*WORK TASK*. Leaving out the images, return the data below exactly as it is written.

Saved entries
-.-.-
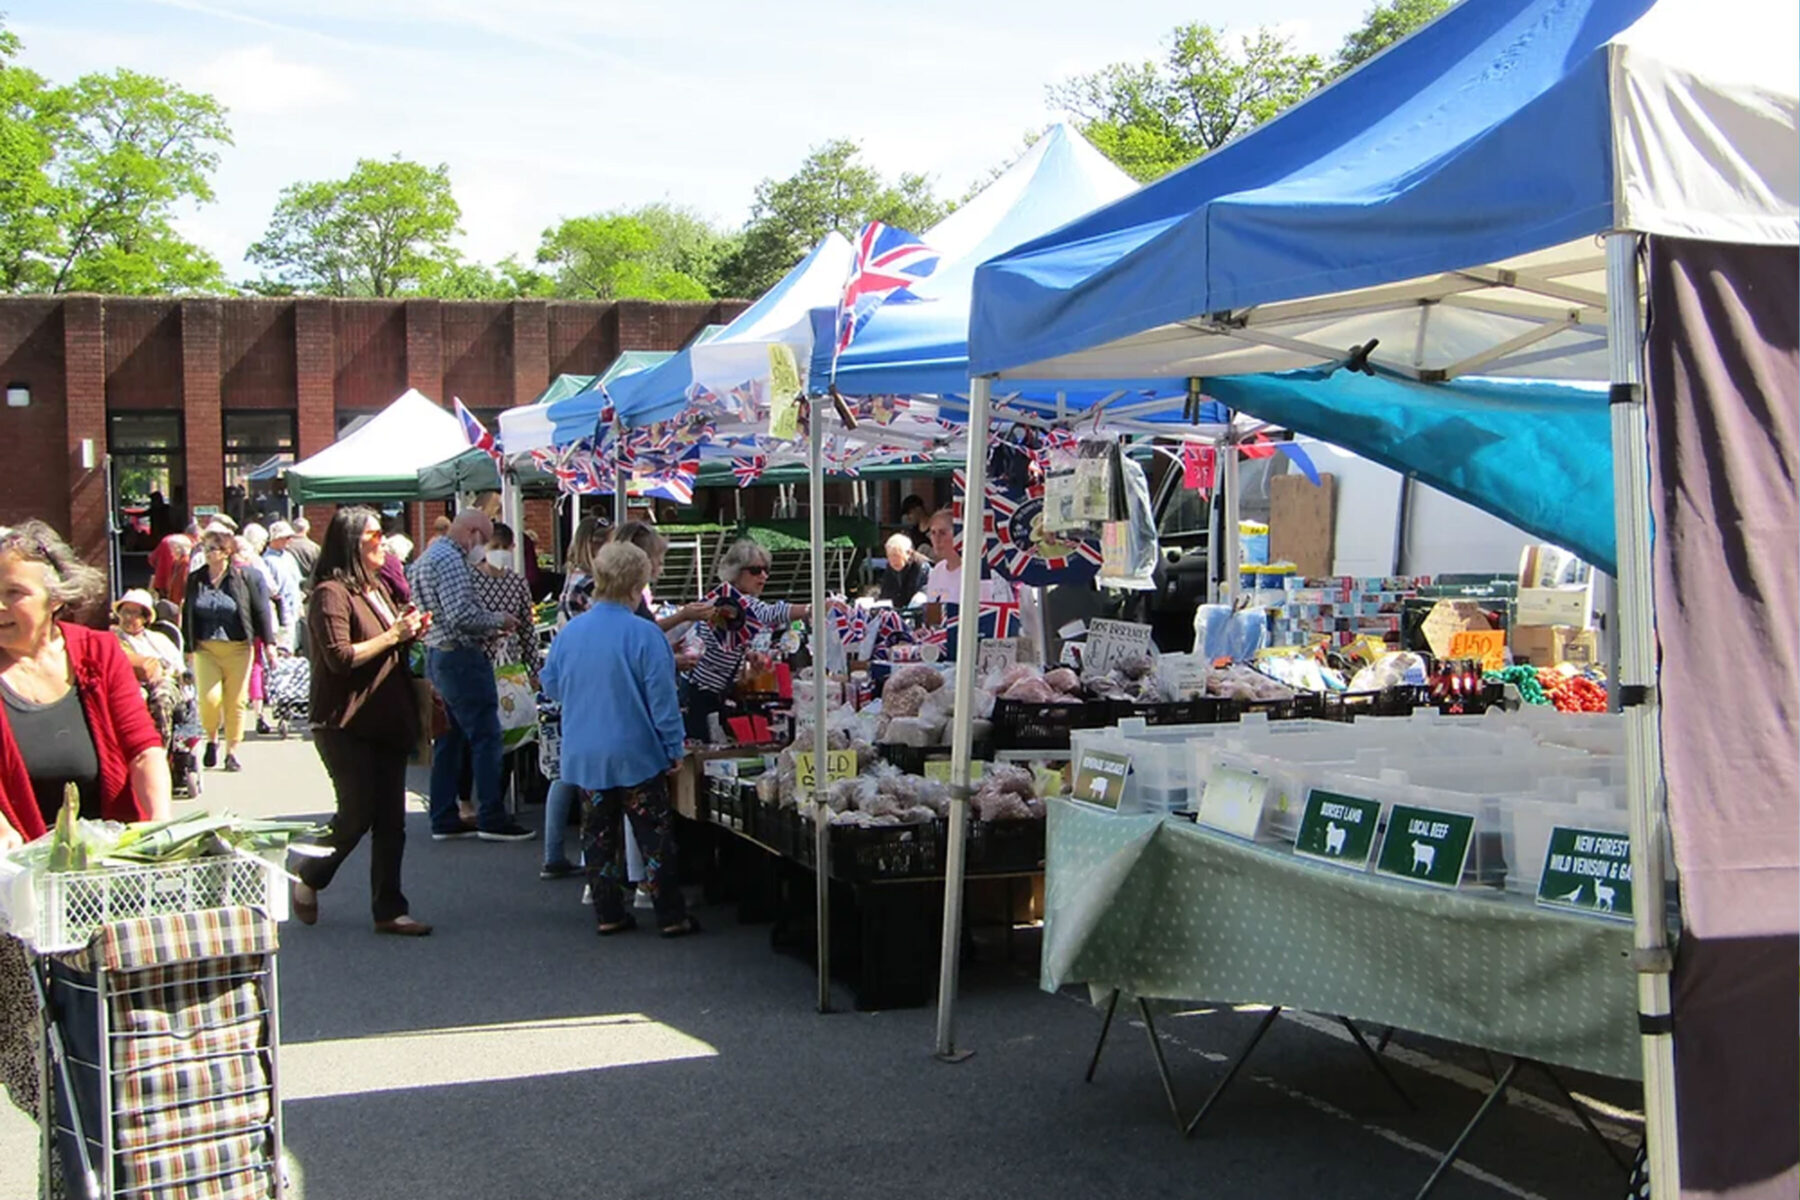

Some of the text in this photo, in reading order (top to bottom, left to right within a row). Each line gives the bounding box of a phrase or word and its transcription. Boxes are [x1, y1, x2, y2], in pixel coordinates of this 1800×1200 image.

[1451, 631, 1492, 657] £1.50
[803, 754, 850, 773] WLD
[1320, 801, 1363, 824] DORSET LAMB
[1408, 818, 1450, 839] LOCAL BEEF
[1574, 834, 1630, 858] NEW FOREST
[1550, 853, 1633, 881] WILD VENISON & GA
-.-.-
*EXERCISE ANSWER*.
Some of the text in this photo, in reading order (top to bottom, left to right within a row). Each line gives the bounding box of a phrase or word and its transcription. Boxes are [x1, y1, x2, y2], in pixel coordinates of this 1800×1200 image.

[1451, 631, 1492, 657] £1.50
[803, 754, 850, 773] WLD
[1320, 801, 1363, 824] DORSET LAMB
[1408, 818, 1450, 839] LOCAL BEEF
[1574, 834, 1630, 858] NEW FOREST
[1550, 853, 1633, 881] WILD VENISON & GA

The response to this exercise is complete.